Functional imaging scans commenced at the same time of day for all participants (9:30 AM). Urine for toxicology was obtained earlier that morning. Admission to the General Clinical Research Unit the previous afternoon ensured dietary control. The first oxygen 15 (15O) scan was during an eyes-open, ears-unoccluded, resting condition (rest: room air). The only auditory stimulation was the background machine noise. Resting instructions were given 3 minutes before injection. This measurement was followed by a second resting assessment also under room air conditions, but with a mouth snorkel in place (rest: snorkel). This condition functioned as a control both for the first rest: room air assessment (same air) and for the hypercapnic challenge (same breathing apparatus). The third assessment involved hypercapnic challenge. Participants breathed 5% carbon dioxide (CO2) mixed in the air from a tank through the snorkel. The CO2 mixture was administered for 3 minutes prior to the 15O injection and continued throughout the scan. For each 15O scan, arterial blood sampling for PaCO2 was obtained prior to and following the assessment. Peak values were used to characterize the blood gas level during the measurement. Inhalation of CO2 was chosen over administration of acetazolamide, given the more rapid onset and reversibility of hypercapnic effects with CO2, the utility of PaCO2 monitoring, and uncertainty about the mechanisms of acetazolamide.28 The FDG scan was performed after the 3 rCBF measurements.

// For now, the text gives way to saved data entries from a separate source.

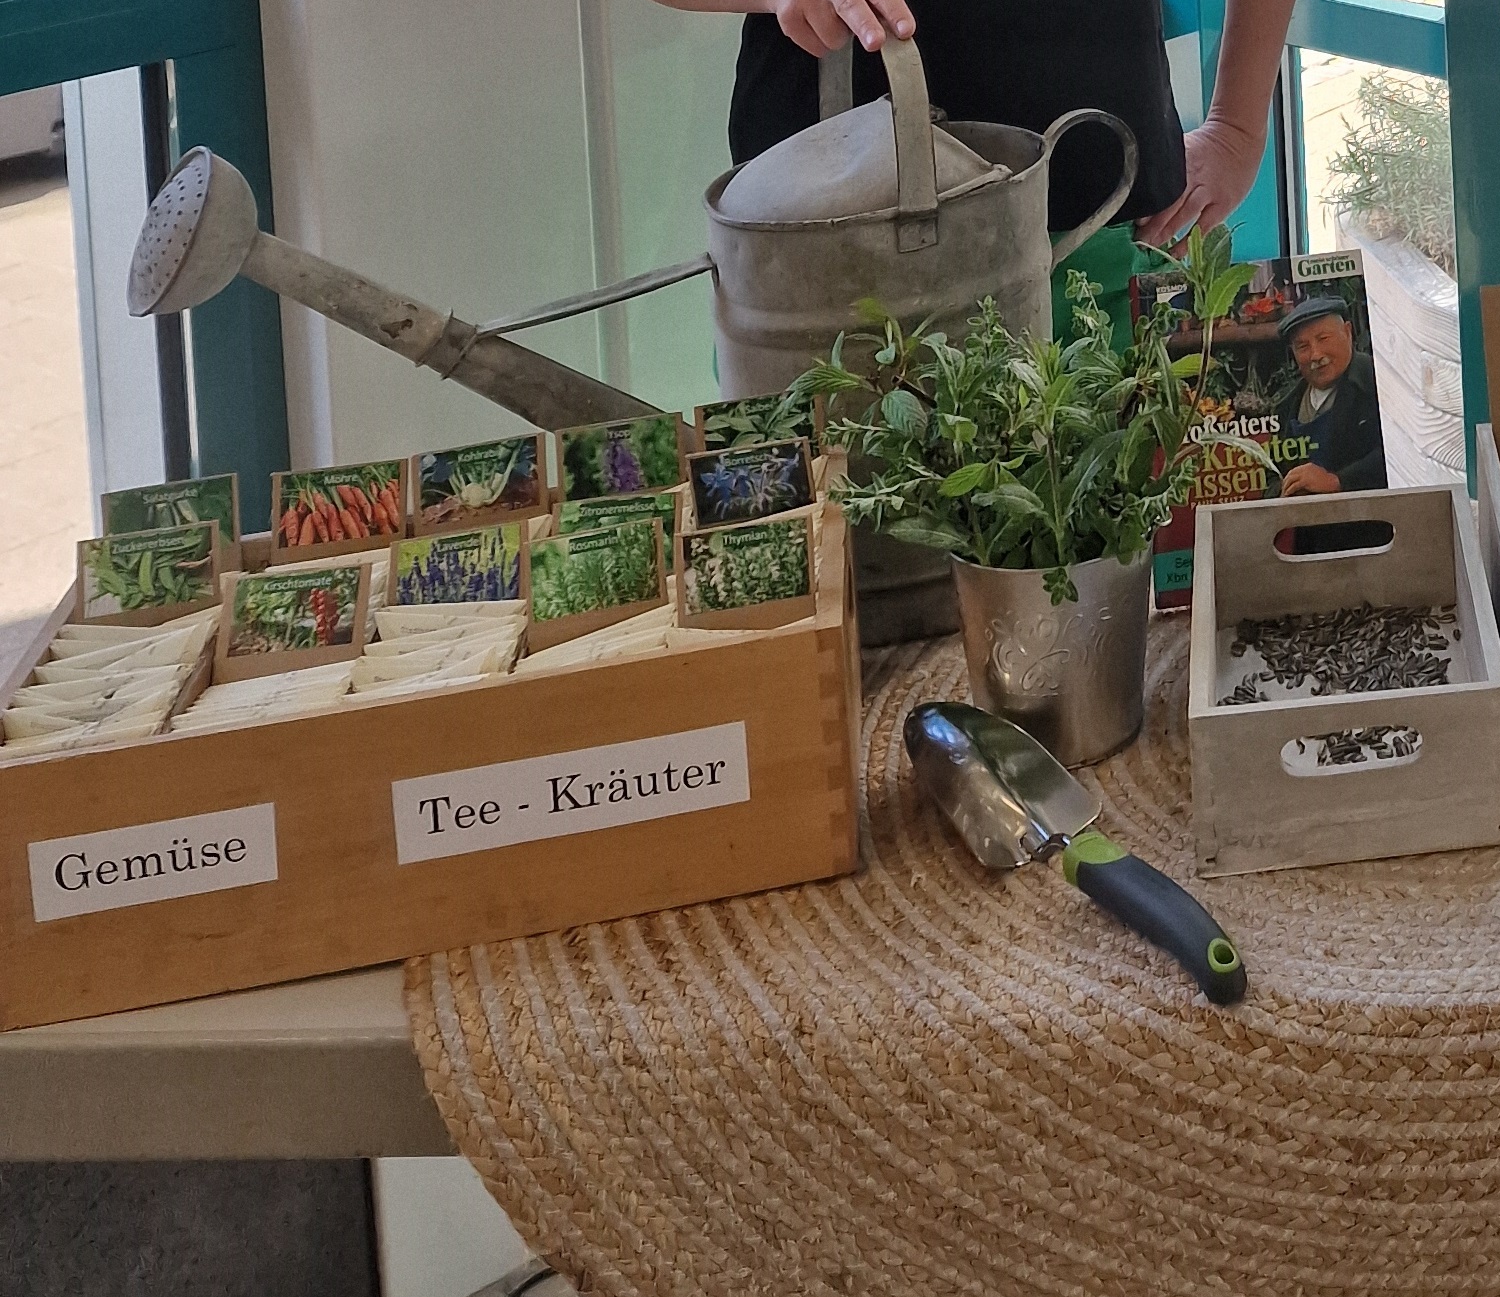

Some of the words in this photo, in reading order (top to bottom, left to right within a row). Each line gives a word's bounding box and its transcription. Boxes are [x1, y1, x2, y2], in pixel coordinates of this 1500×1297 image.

[1297, 259, 1357, 277] Garten
[1182, 413, 1281, 444] roßvaters
[1194, 467, 1269, 500] issen
[568, 535, 619, 553] Rosmarin
[722, 530, 768, 547] Thymian
[262, 574, 334, 592] Kirschtomate
[418, 795, 501, 836] Tee
[517, 802, 530, 810] -
[546, 759, 727, 815] Kräuter
[54, 837, 248, 892] Gemüse
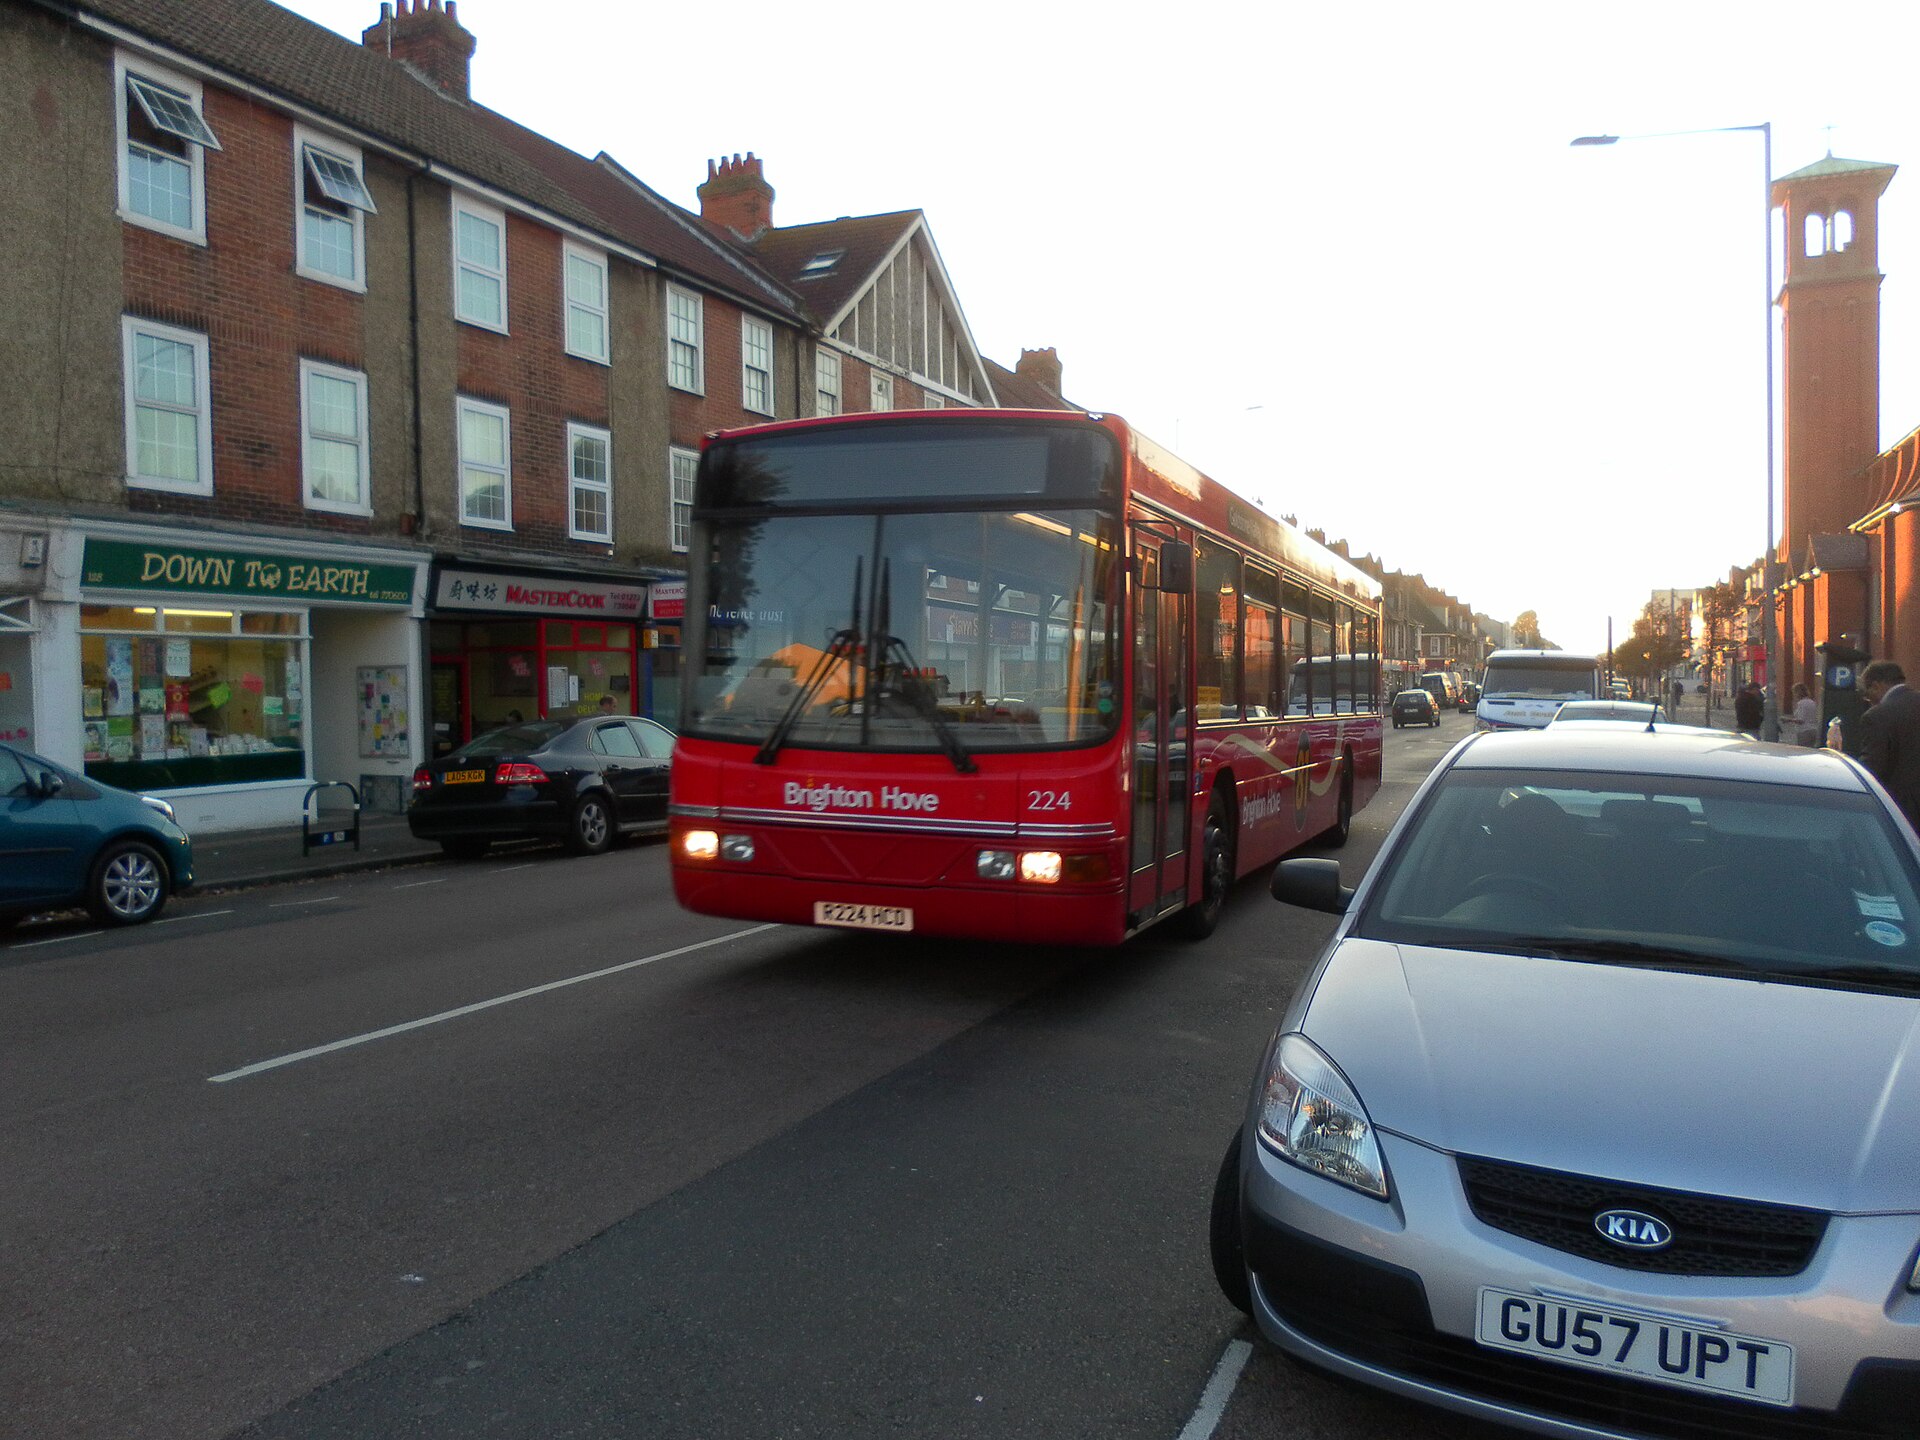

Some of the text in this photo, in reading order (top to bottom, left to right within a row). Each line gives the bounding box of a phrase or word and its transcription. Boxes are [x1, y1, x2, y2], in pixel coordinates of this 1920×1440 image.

[141, 552, 235, 586] DOWN
[287, 565, 370, 595] EARTH
[1835, 666, 1851, 686] P
[784, 781, 940, 812] Brighton Hove
[1027, 790, 1072, 811] 224
[823, 904, 905, 926] R224 HCD
[1607, 1215, 1660, 1243] KIA
[1500, 1297, 1770, 1390] GU57 UPT

FDG Positron Emission Tomography
The CMR for glucose was assessed during an eyes-open resting condition, with instructions for rest given 3 minutes prior to injection of 5 mCi of FDG. Forty minutes were allowed for uptake and equilibration, followed by a 60-minute PET scan composed of twelve 5-minute frames (3-dimensional acquisition). Arterial samples were repeatedly drawn by pump to derive a time-activity curve and to verify that blood glucose was stable. The scanning procedure resulted in greater than 60 million total counts. Each frame was reconstructed with standard filtered back-projection routines to a resolution of approximately 7 mm full width half maximum. Measured attenuation factors were used for all reconstructions. The frames were mathematically aligned and summed. For FDG, quantification was performed using the Sokoloff autoradiographic method as modified by Phelps.29
Magnetic Resonance Imaging
Magnetic resonance images were acquired using a dedicated 1.5-T GE Signa Advantage system (Chalfont St Giles, England). The PET and MRI data were coregistered to the T1-weighted spoiled gradient recalled images.30 Results of the MRI analyses will be reported in a separate article.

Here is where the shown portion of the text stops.